Porque os acercáis a él con
vuestra hambre y lo buscáis sedientos de paz.
Cuando vuestro amigo os
manifieste su pensamiento no temáis el “no” en vuestra cabeza ni retengáis el
“sí”.
Y cuando él permanezca en
silencio, que vuestro corazón no deje de oír su corazón.
Porque en la amistad, todos los
pensamientos, todos los deseos, todas las esperanzas nacen y se comparten con
gozo y sin alardes.
Cuando os alejéis de vuestro
amigo, no sintáis dolor.
Porque lo que más amáis en él
quizá esté más claro en su ausencia, igual que la montaña es más clara desde el
llano para el que quiere subirla.
Y no permitáis que haya en la
amistad otro interés que el que os lleve a profundizar en el espíritu.
Porque el amor que no busca más
que la revelación de su propio misterio no es amor, sino una red tendida que
solo recoge la pesca inútil.
Que lo mejor de vosotros sea para
vuestro amigo.
Sí ha de conocer el flujo de
vuestra marea, que también conozca su reflujo.
Porque, ¿Qué amigos sería aquél
que tuvierais que buscaros para matar las horas?
Buscadlo para vivir las horas.
Porque existe para colmar vuestra
necesidad, no nuestro vacío.
Y haced que en la dulzura de la
amistad haya risa y placeres compartidos.

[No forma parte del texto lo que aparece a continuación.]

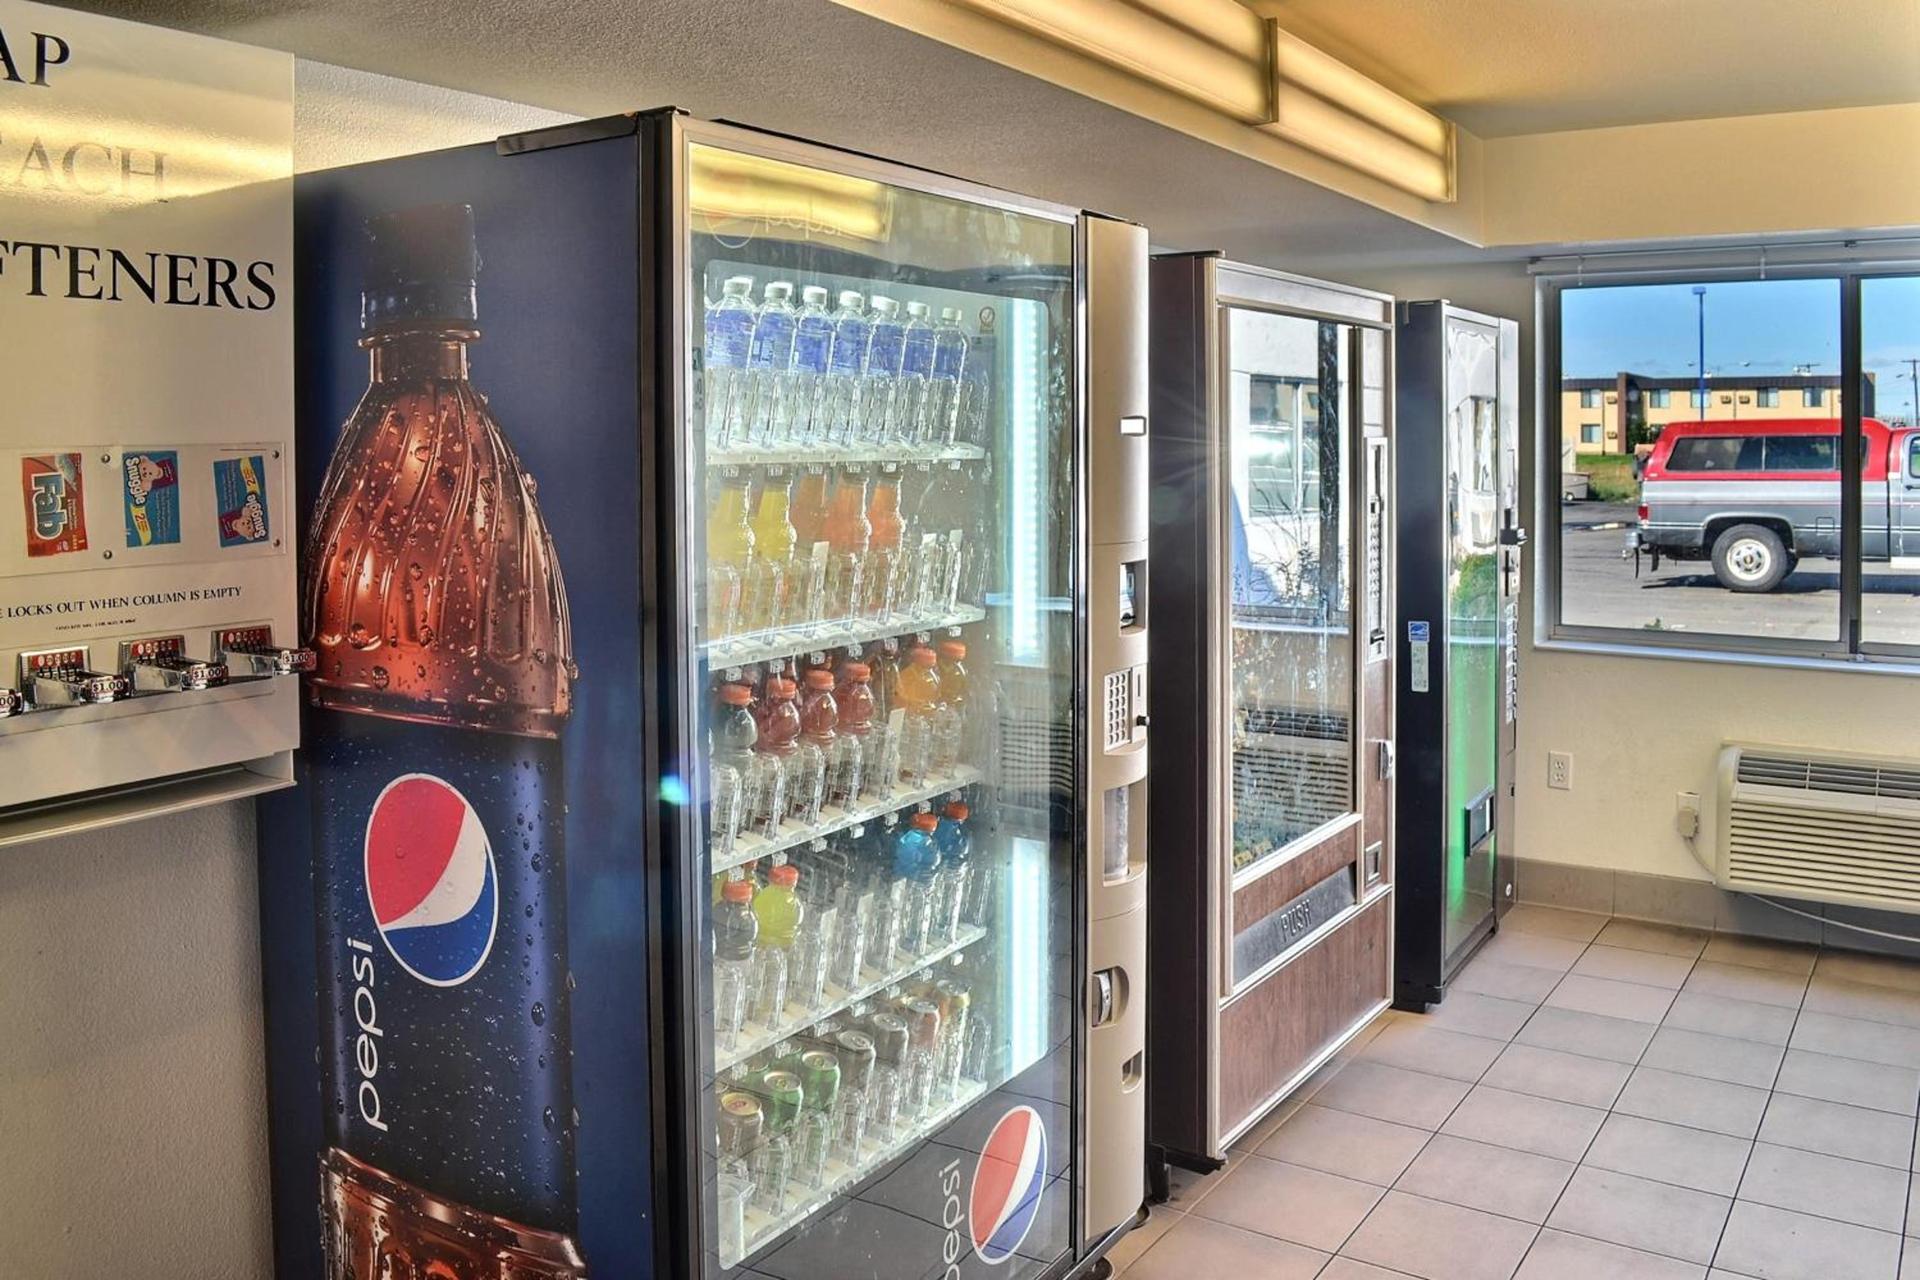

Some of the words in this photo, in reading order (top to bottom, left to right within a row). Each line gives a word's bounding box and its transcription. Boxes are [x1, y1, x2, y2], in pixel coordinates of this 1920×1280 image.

Porque en el rocío de las cosas
pequeñas el corazón encuentra su alborada y se refresca».
Kahlil Gibran
El Jardín del Profeta
Hace casi diez
años, por estas mismas fechas aunque no era Pascua Musulmana, en las montañas
del Rif, en un pueblecito azul y de muchos celestes llamado Chefchaouen, Ana
Cristina y yo paseábamos por el puente del Río “Ras el Ma” (Cabecera de Agua), donde hoy
en día siguen las mujeres del pueblo agareno lavando las ropas, con un “plus de modernidad” el
cual consiste en que, al borde de la cascada, con unas instalaciones de bateas
o “pilas” (como dirían en Costa Rica), debidamente servidas con redes de
fontanería y saneamiento y una cubierta acorde, acompañadas por la brisa serena y la amable sombra de los árboles: Ellas están allí. Trabajan para sus hogares desde
allí, comadrean desde allí, algunas aprovechan la luz del sol para el secado de
chilabas, kandoras, alfombras y tejidos de doméstico uso.
Durante el
paseo hablábamos de muchas historias y ver a Ana Cristina era como ver a Carmen Isabel, pero era también ver a Pedro y a Carmen. Desde que tengo memoria en la
casa de mi tía Nelly, en Santa María, eran “el cuarteto”, las hijas y “Los
Pedros” que ventilaban también esa especie de “Casa Azul” marabina en su prístina
galaxia de afectos. Siempre que veo a Carmen Isabel veo a Ana Cristina y
viceversa en el espejo del amor y por eso son tan parecidas entre sí y son tan
parecidas a Carmen y a Pedro. Los sutiles rasgos semíticos de Ana Cristina y de
Carmen Isabel me eran no sólo muy familiares, sino familiares justamente allí
también, en el Magreb, y esa apreciación no pasó desapercibida por los hábiles
comerciantes de Chefchaouen.
Respondía con
mi dialecto marroquí chapucero, intercambiábamos frases en español y en “dariya” (dialecto,) me
preguntaban si Ana Cristina era una chica venida desde Siria. Fugazmente, y sin
que apenas Ana se diera cuenta, repasaba su rostro con los rostros de Carmen
Isabel, de Carmen y de Pedro y me decía que, esa pista semítica con la que
confundían a mi amiga, tendría que venir de la sangre de Pedro.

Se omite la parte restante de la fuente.